WHAT THE EXERCISE ASKS. Images are not part of the copy; transcribe all the data exactly.

------------------------

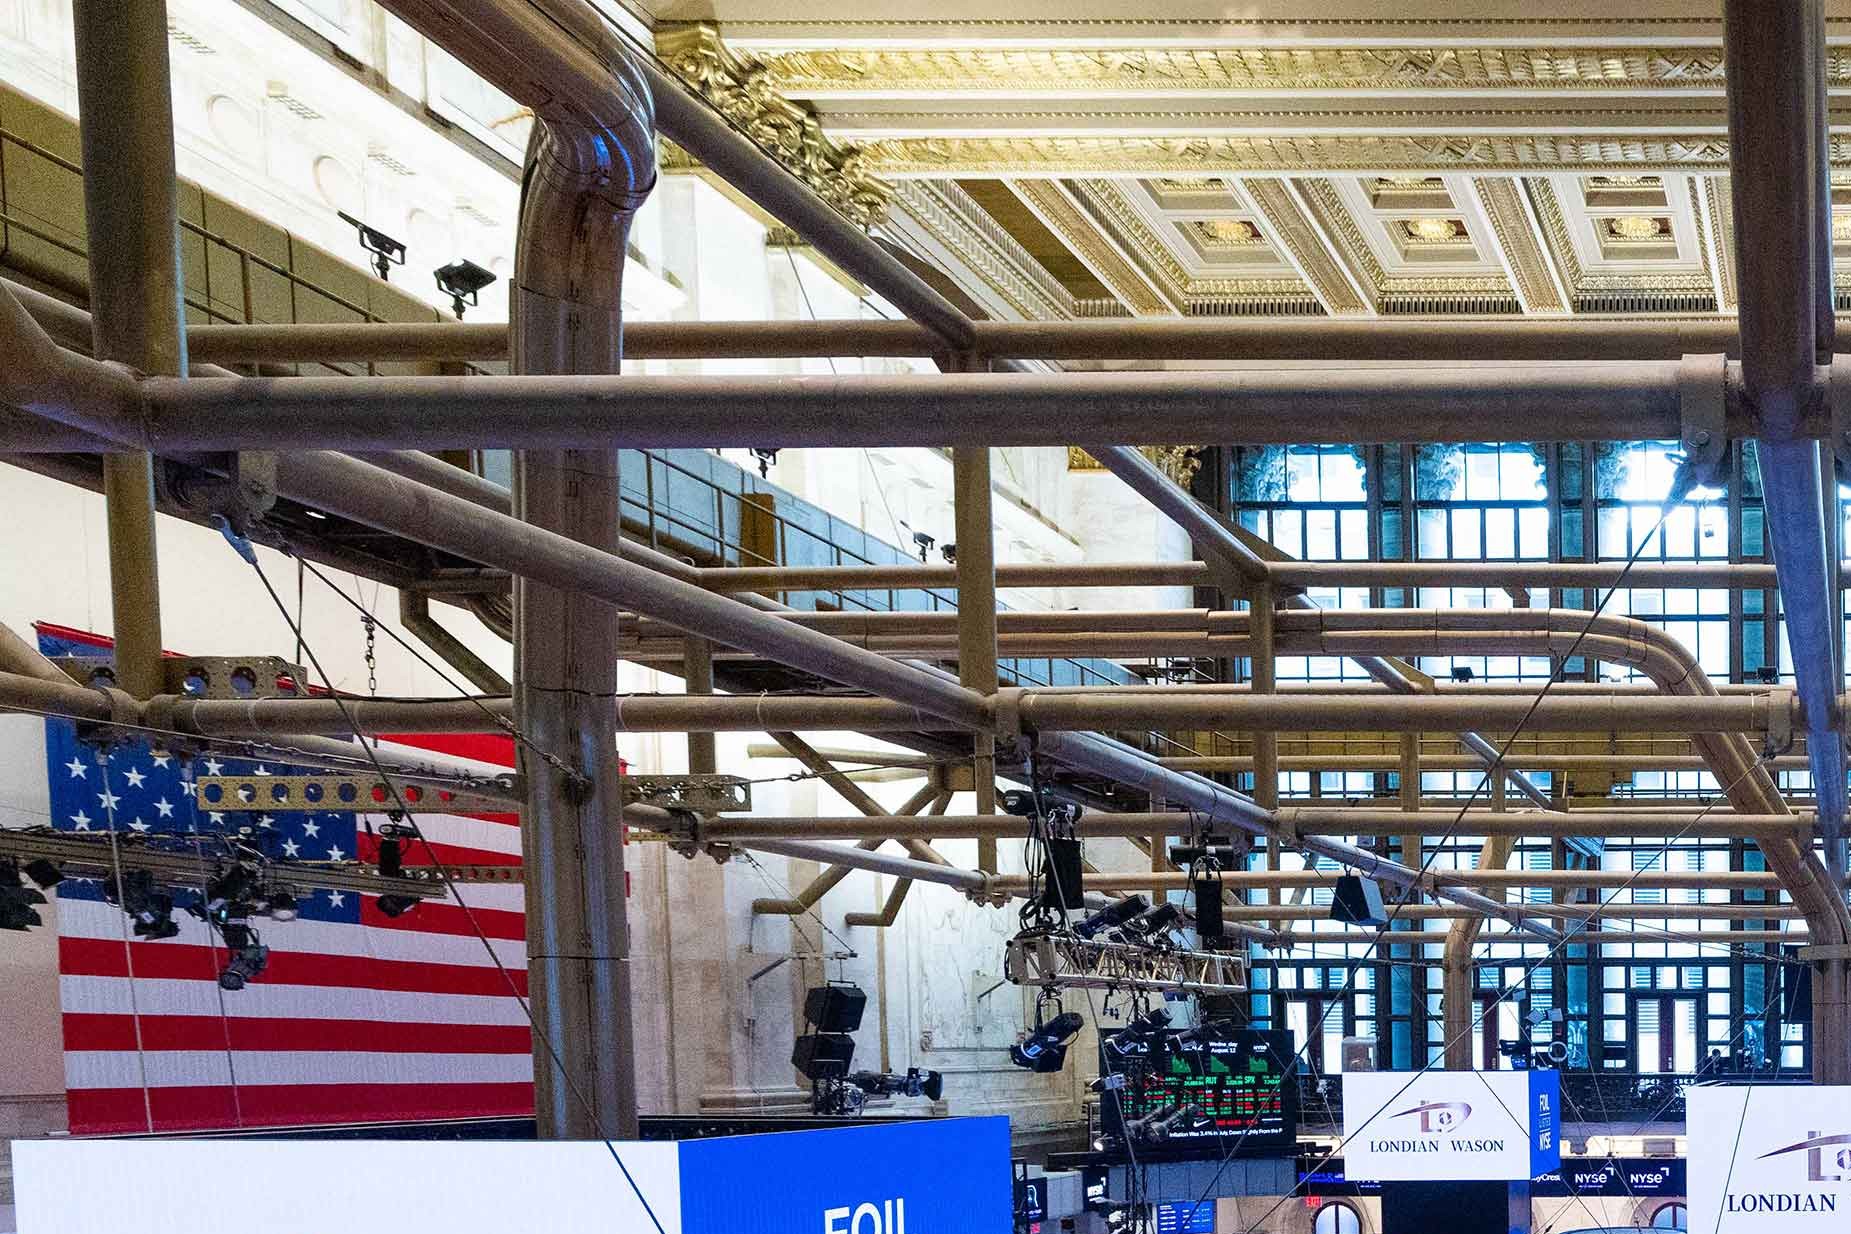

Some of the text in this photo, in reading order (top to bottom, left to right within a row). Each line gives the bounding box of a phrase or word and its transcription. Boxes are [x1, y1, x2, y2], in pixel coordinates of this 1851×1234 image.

[1370, 1139, 1504, 1153] LONDIAN WASON
[1728, 1193, 1836, 1212] LONDIAN
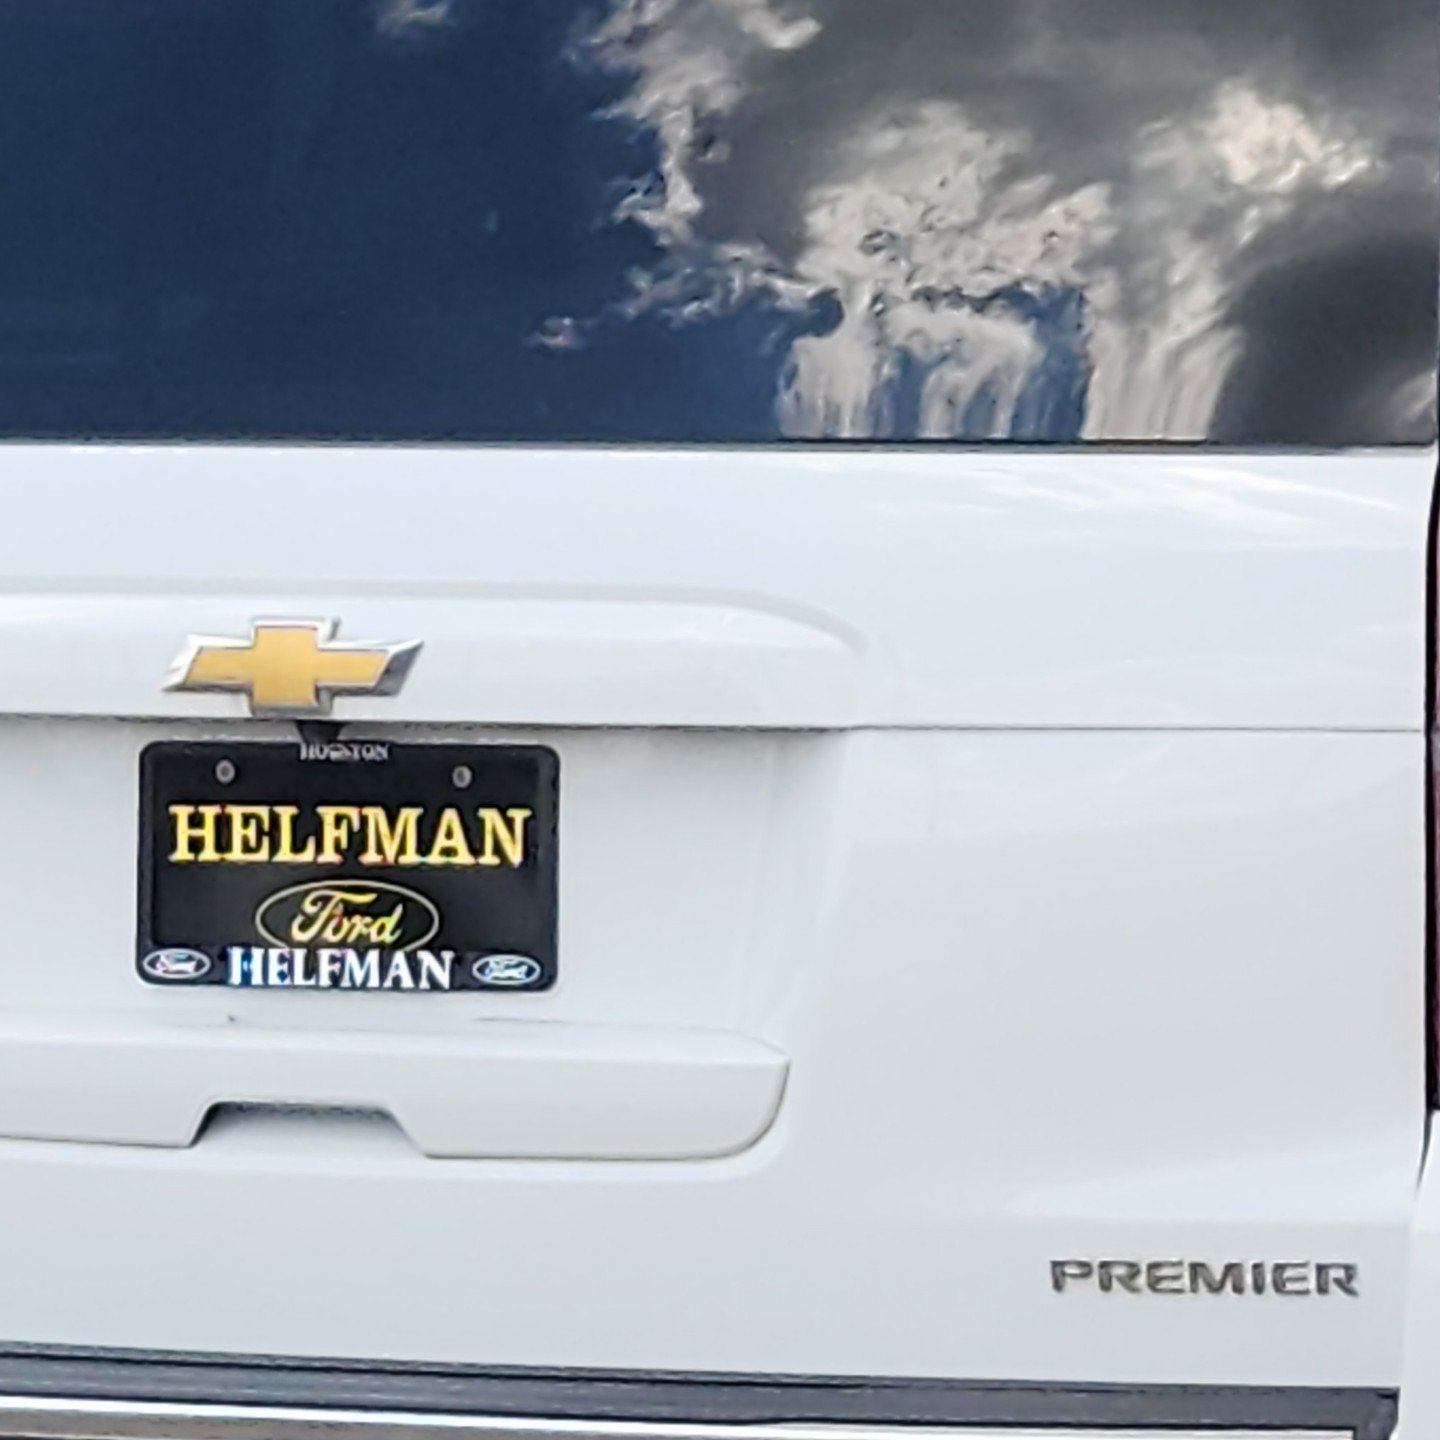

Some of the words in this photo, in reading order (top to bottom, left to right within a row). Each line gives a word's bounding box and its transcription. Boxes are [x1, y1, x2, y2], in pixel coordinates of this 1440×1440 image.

[168, 803, 533, 869] HELFMAN
[290, 887, 405, 947] Ford
[227, 946, 455, 990] HELFMAN
[1049, 1259, 1360, 1298] PREMIER
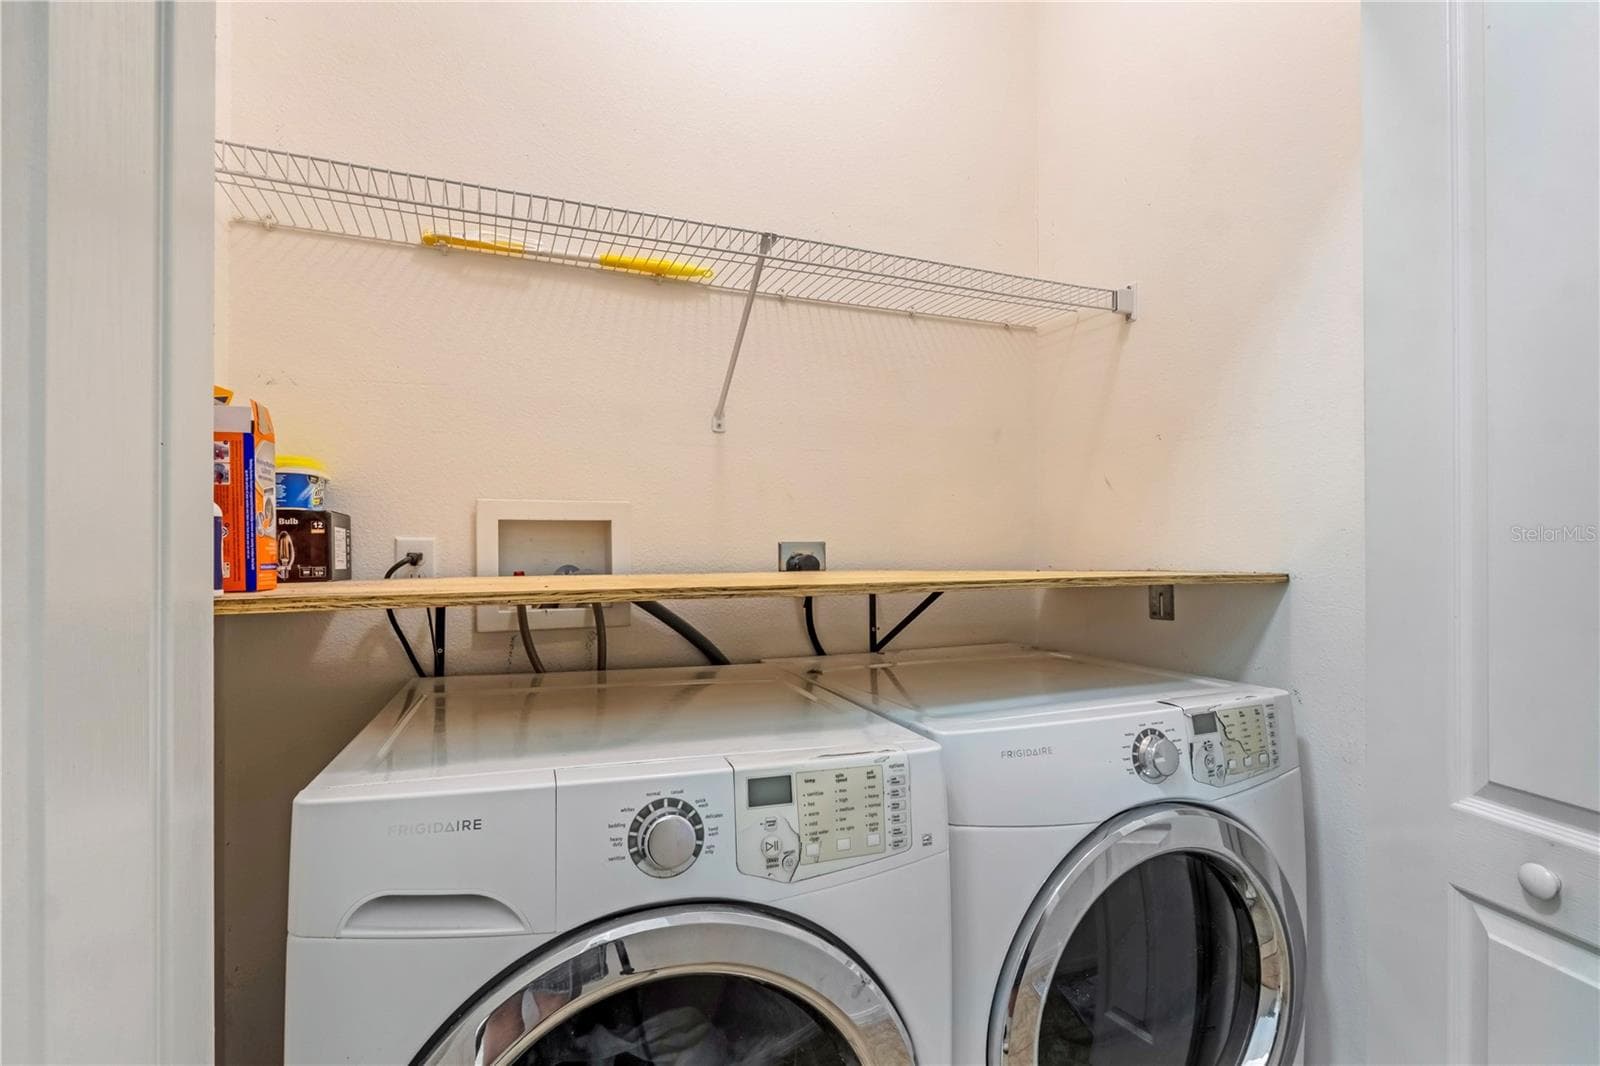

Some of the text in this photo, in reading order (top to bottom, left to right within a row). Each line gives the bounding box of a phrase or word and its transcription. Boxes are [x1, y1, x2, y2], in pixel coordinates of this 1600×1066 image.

[278, 517, 299, 525] Bulb
[312, 521, 324, 529] 12
[1000, 746, 1053, 759] FRIGIDAIRE
[387, 818, 482, 837] FRIGIDAIRE

------------------------

SOLUTION TO THIS TASK.
Some of the text in this photo, in reading order (top to bottom, left to right within a row). Each line gives the bounding box of a phrase or word and its transcription. Boxes are [x1, y1, x2, y2], in pixel coordinates of this 1851×1234 image.

[1370, 1139, 1504, 1153] LONDIAN WASON
[1728, 1193, 1836, 1212] LONDIAN

Some of the words in this photo, in reading order (top to bottom, left to right within a row). Each line gives a word's bounding box and its transcription. Boxes are [x1, y1, x2, y2], in pixel coordinates of this 1440×1440 image.

[168, 803, 533, 869] HELFMAN
[290, 887, 405, 947] Ford
[227, 946, 455, 990] HELFMAN
[1049, 1259, 1360, 1298] PREMIER

Some of the text in this photo, in reading order (top to bottom, left to right within a row). Each line gives the bounding box of a phrase or word and its transcription. Boxes are [x1, y1, x2, y2], in pixel coordinates of this 1600×1066 image.

[278, 517, 299, 525] Bulb
[312, 521, 324, 529] 12
[1000, 746, 1053, 759] FRIGIDAIRE
[387, 818, 482, 837] FRIGIDAIRE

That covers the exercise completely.